Dans sa critique dans Le Washington Post, Patrick Macias dit que les lecteurs d’aujourd’hui ne devraient pas se plonger dans ces livres en s’attendant à des chefs-d’œuvre littéraires japonais perdus. « Il est utile de se rappeler qu’ils ont été écrits par un auteur de pulp et qu’ils s’adressent résolument aux jeunes lecteurs », écrit-il. Mais, comme le film de Christopher Nolan Oppenheimer, « ils relient le passé au présent et nous demandent de considérer à quel point le monde a changé lorsque l’atome a été divisé ».

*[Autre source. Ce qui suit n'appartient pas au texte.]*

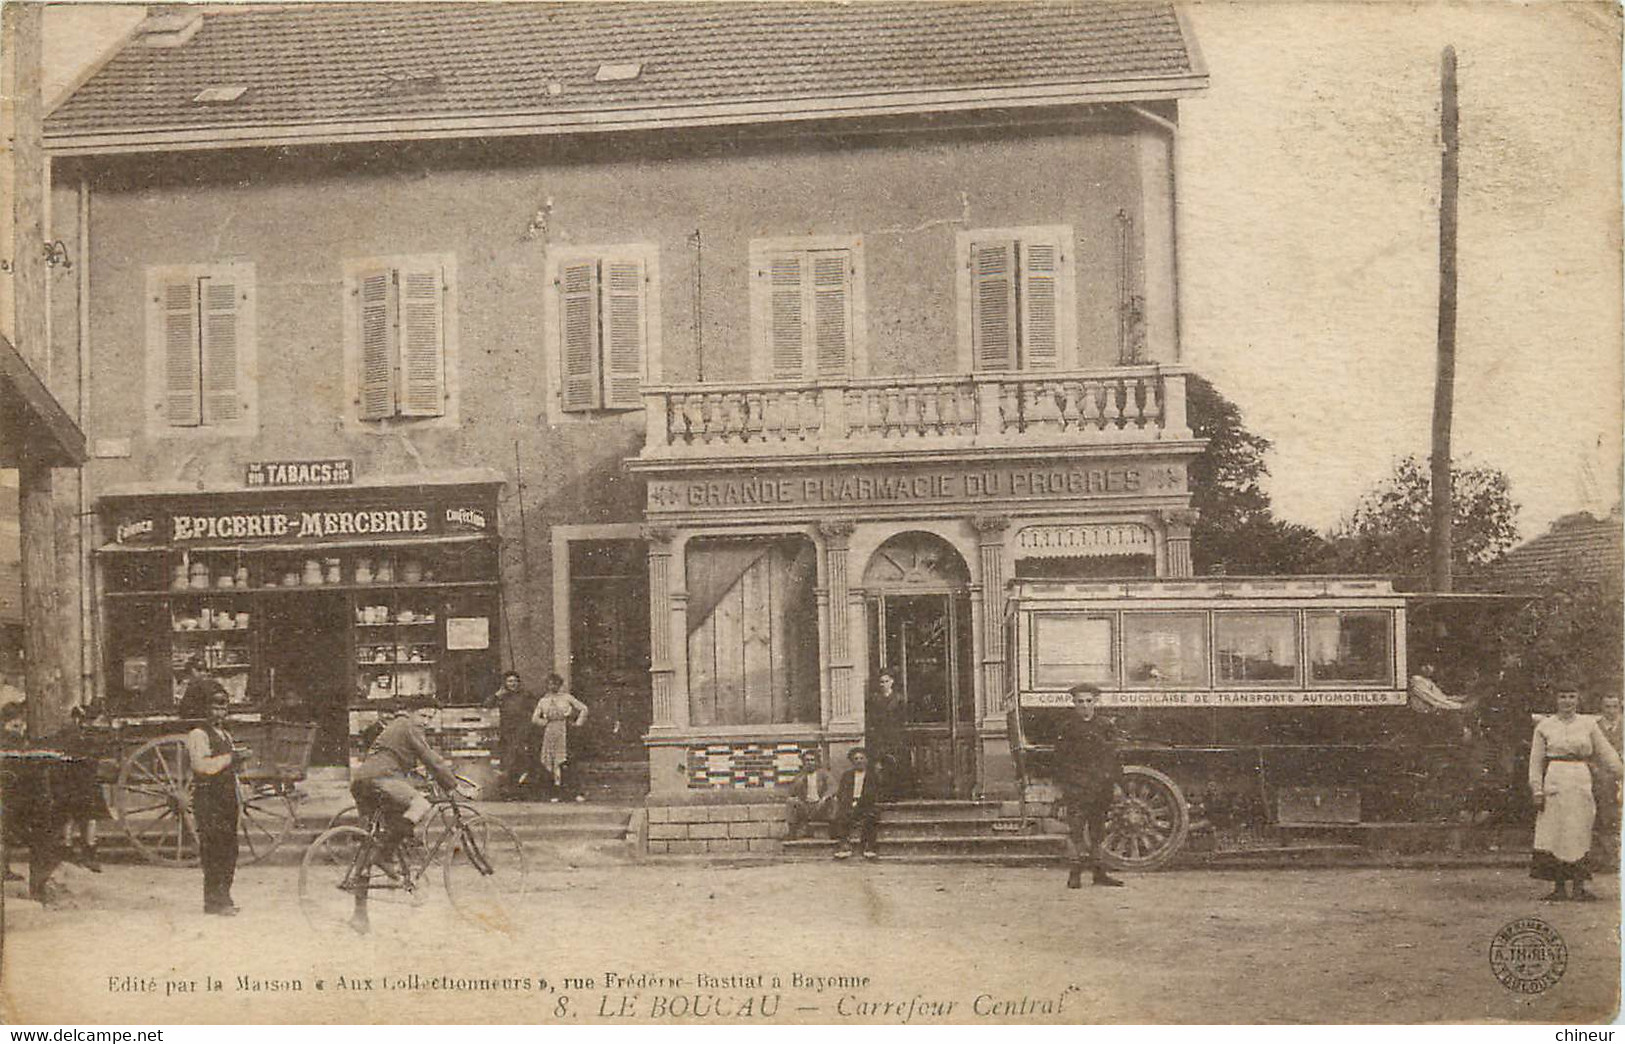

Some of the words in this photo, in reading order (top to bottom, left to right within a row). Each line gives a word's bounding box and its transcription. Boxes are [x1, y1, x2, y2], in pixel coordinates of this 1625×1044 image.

Les monstres radioactifs mutés étaient un thème populaire dans le climat de la guerre froide des années 1950, après Hiroshima et Nagasaki, lorsque nous avons pris conscience pour la première fois de la puissance effrayante des armes nucléaires. L’éditeur américain des nouvelles de Kayama, University of Minnesota Press, les relie à nos peurs contemporaines : « Alors que l’activité humaine continue de provoquer des extinctions massives et des changements climatiques rapides, Godzilla propose une fable sur l’Anthropocène, nous rappelant avec force que la nature ripostera. contre les assauts de l’humanité de manière imprévisible et dévastatrice.